Sem dúvida é uma obra que exige empenho na leitura, talvez um pouco longa porém fazendo uma série de livros de bolso possa vender. Entretanto do jeito que está não vai dar certo. É preciso um trabalho de edição robusto: por exemplo, toda a pontuação deve ser revisada. Os períodos são longos e cansativos, há alguns que tomam uma página inteira. Com um bom trabalho de revisão talvez reduza o fôlego para duas ou três linhas cada, dividindo os capítulos, voltando para o título do capítulo mais frequentemente, seguro que o texto poderá ser melhorado. Se o autor não estiver presente melhor é não procurá-lo e deixá-lo se perder. Desse modo o livro é - como posso dizer - muito asmático (alusão à doença de que Proust sofria).

Immanuel Kant (1724-1804). Crítica da razão prática (1788).

Li esse livro a pedido de Vittorio Saltini (Crítico literário e professor de filosofia, colaborador, como Eco em l´Expresso entre os anos 60 e 80. (1934-2014)), que me disse que este Kant não é lá muito importante Em todo caso,li de um só fôlego. Para a nossa série de filosofia não é um livro muito grande sobre a moral e poderia vender bem, talvez fosse adotado por alguma universidade. Porém o obstáculo é que o editor alemão disse que caso quiséssemos publicá-lo deveríamos em nos empenhar para publicar não somente as obras precedentes, que uma coisa imensa ( Crítica da razão pura, 1781), de ao menos dois volumes, mas também aquela que Kant está escrevendo, que nem sei bem se é sobre arte ou juízo (Crítica do julgamento, 1790). Os três trabalhos têm quase o mesmo título, logo devem ser vendidos agrupados, (e o preço ficará muito alto), do contrário o leitor ao vê-lo na livraria irá confundi-los e dizer: “este eu já li”. Será como aconteceu com a Summa (Suma Teológica 1265-1263, três partes em 2669 capítulos comentando 512 questões) daquele dominicano (Tomás de Aquino (1225-1274) que começamos a traduzi-la e depois tivemos que desistir dos direitos para Marietti (editora de 1820, publica a obra completa de Tomás de Aquino em Latim) porque custou demais. E tem mais, o agente literário alemão disse-me que também devemos nos comprometer a publicar as obras secundárias deste Kant, que são um monte de coisas e há até algo de astronomia. Antes de ontem, tentei falar com o autor por telefone que está em Könisberg, para verificar se ele concordava em publicar único livro, uma mulher me atendeu e disse que naquela hora ela não estava disponível, e avisou-me para não telefonar-lhe entre cinco e seis horas pois era hora de sua caminhada habitual, nem entre três e quatro horas, porque era a hora em que ele fazia a soneca diária (alusão aos hábitos e à pontualidade "germânica" de Kant), e assim por diante. Particularmente não vejo problemas em lidar com pessoas desse tipo, desde que não tivéssemos uma sala de livros de encalhe.

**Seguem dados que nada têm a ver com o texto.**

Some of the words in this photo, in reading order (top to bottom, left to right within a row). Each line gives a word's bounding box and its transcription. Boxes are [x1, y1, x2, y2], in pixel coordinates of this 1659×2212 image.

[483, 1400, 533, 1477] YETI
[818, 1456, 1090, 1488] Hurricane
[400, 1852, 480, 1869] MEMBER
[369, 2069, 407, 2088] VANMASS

Franz Kafka (1883-1924. O Processo (1914-1925).

Até que o livrinho não é ruim, é um livro de bolso policial que se vende em bancas de jornal, às vezes lembra um Hitchcock; por exemplo o assassinato no final, pois têm leitores que gostam de mistério. Porém parece que foi escrito sob censura. Por que as alusões são imprecisas, não têm nomes de lugares nem de personagens? Por que o protagonista está sob julgamento? Caso esses pontos forem melhor esclarecidos, o ambiente melhor definido, e fornecendo fatos reais, a narração será mais bem definida e o suspense garantido. Esses jovens escritores acreditam que fazem "poesia" só porque dizem "um homem" em vez de dizer "Fulano de tal, em tal momento”... Bem, se for possível modificá-lo, tudo bem, do contrário eu não pegaria para publicá-lo.

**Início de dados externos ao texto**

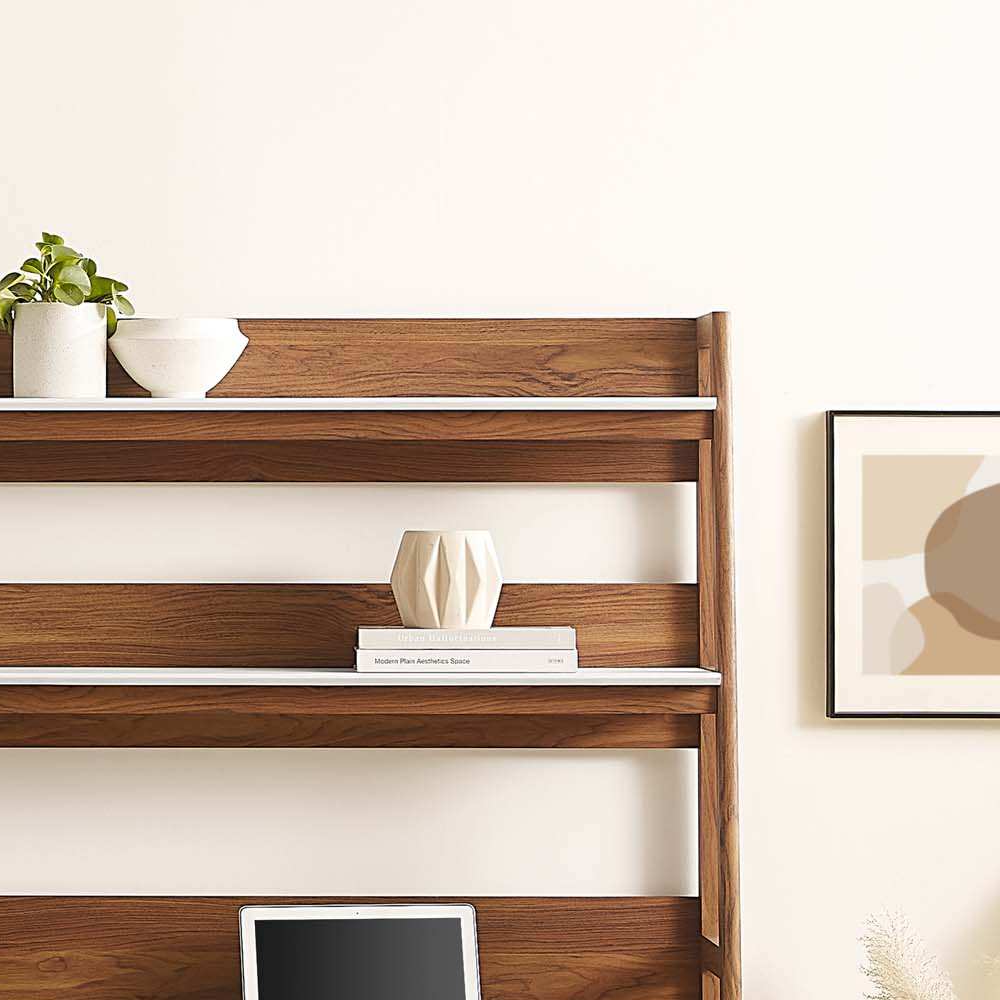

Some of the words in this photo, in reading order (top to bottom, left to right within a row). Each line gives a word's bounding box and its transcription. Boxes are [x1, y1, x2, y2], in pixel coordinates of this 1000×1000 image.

[374, 657, 399, 665] Modern
[400, 657, 416, 665] Plain
[416, 657, 450, 665] Aesthetics
[450, 657, 471, 666] Space
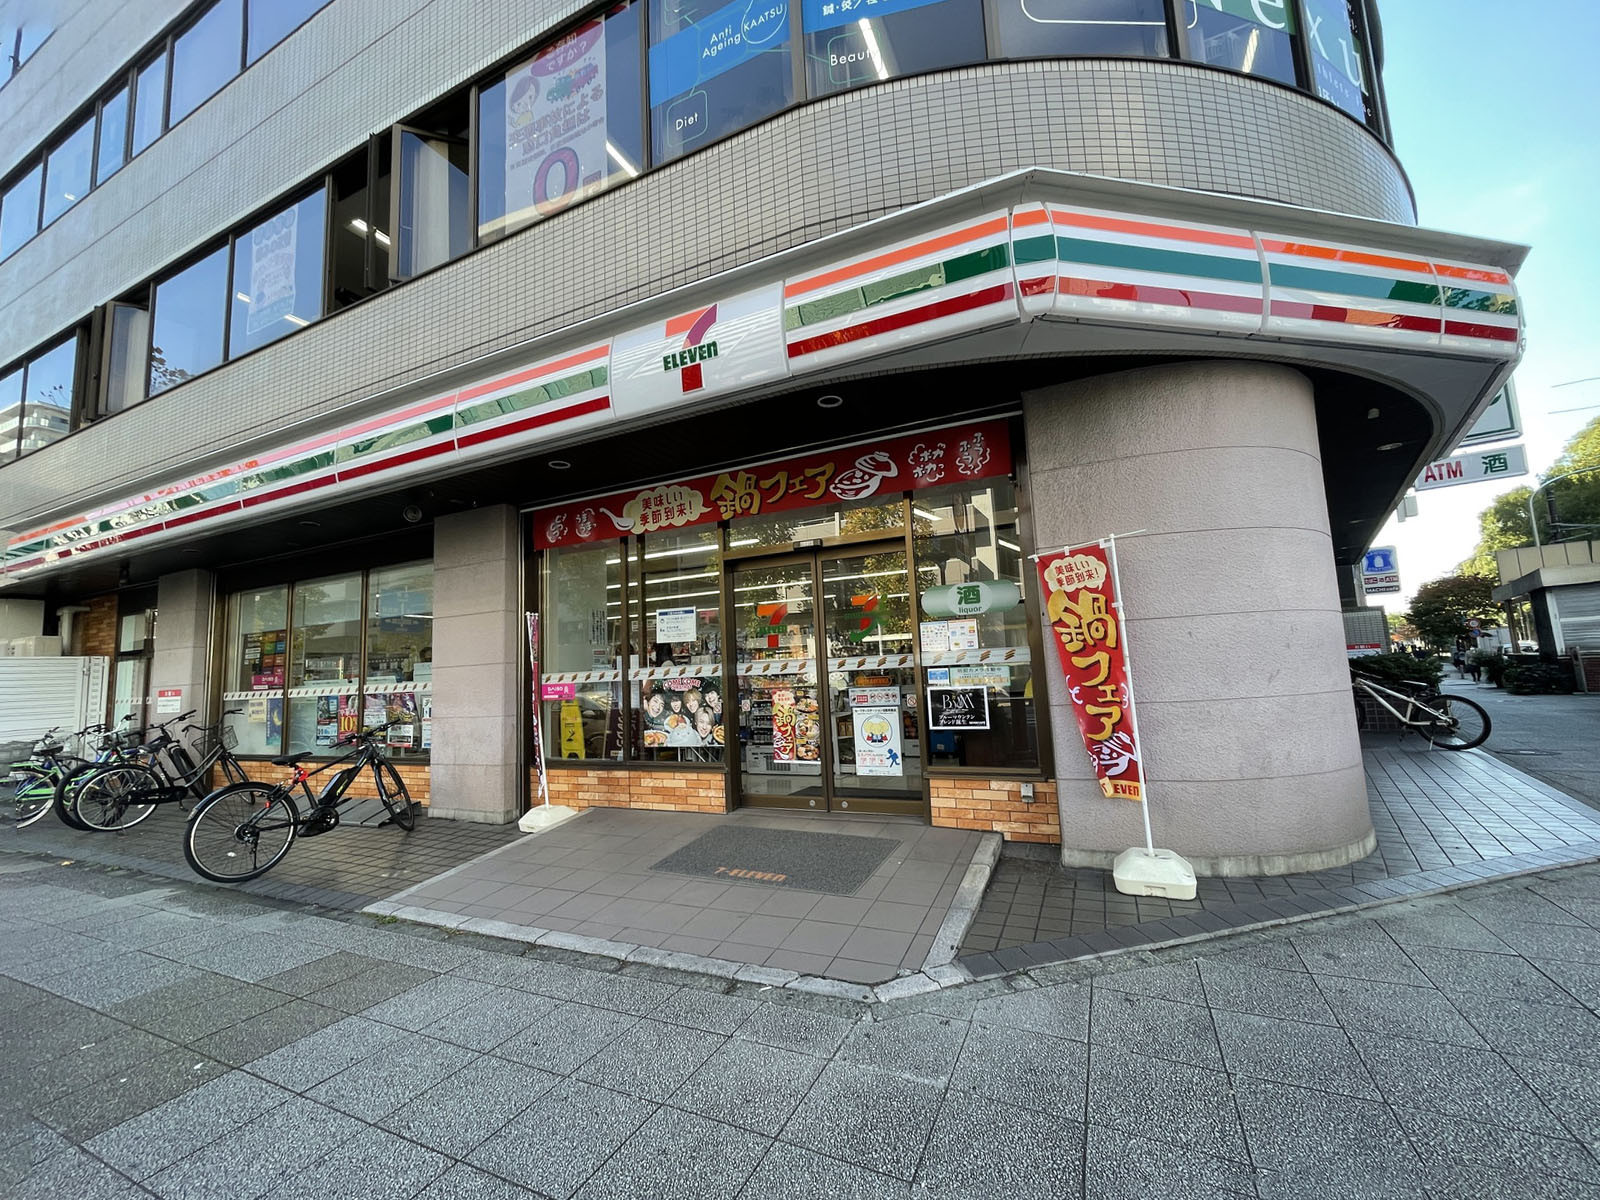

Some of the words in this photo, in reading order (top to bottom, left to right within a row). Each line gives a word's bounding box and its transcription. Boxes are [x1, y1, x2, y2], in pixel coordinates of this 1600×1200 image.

James Joyce (1882-1941). Finnegans Wake (1939).

Por favor, avise à redação de prestar mais atenção quando enviar um livro para ser lido para publicação. Sou um leitor de língua inglesa, porém me mandaram um livro que nem sei que diabo de língua foi escrita. (uma alusão às diversas línguas no texto). Retorno o volume em um pacote à parte.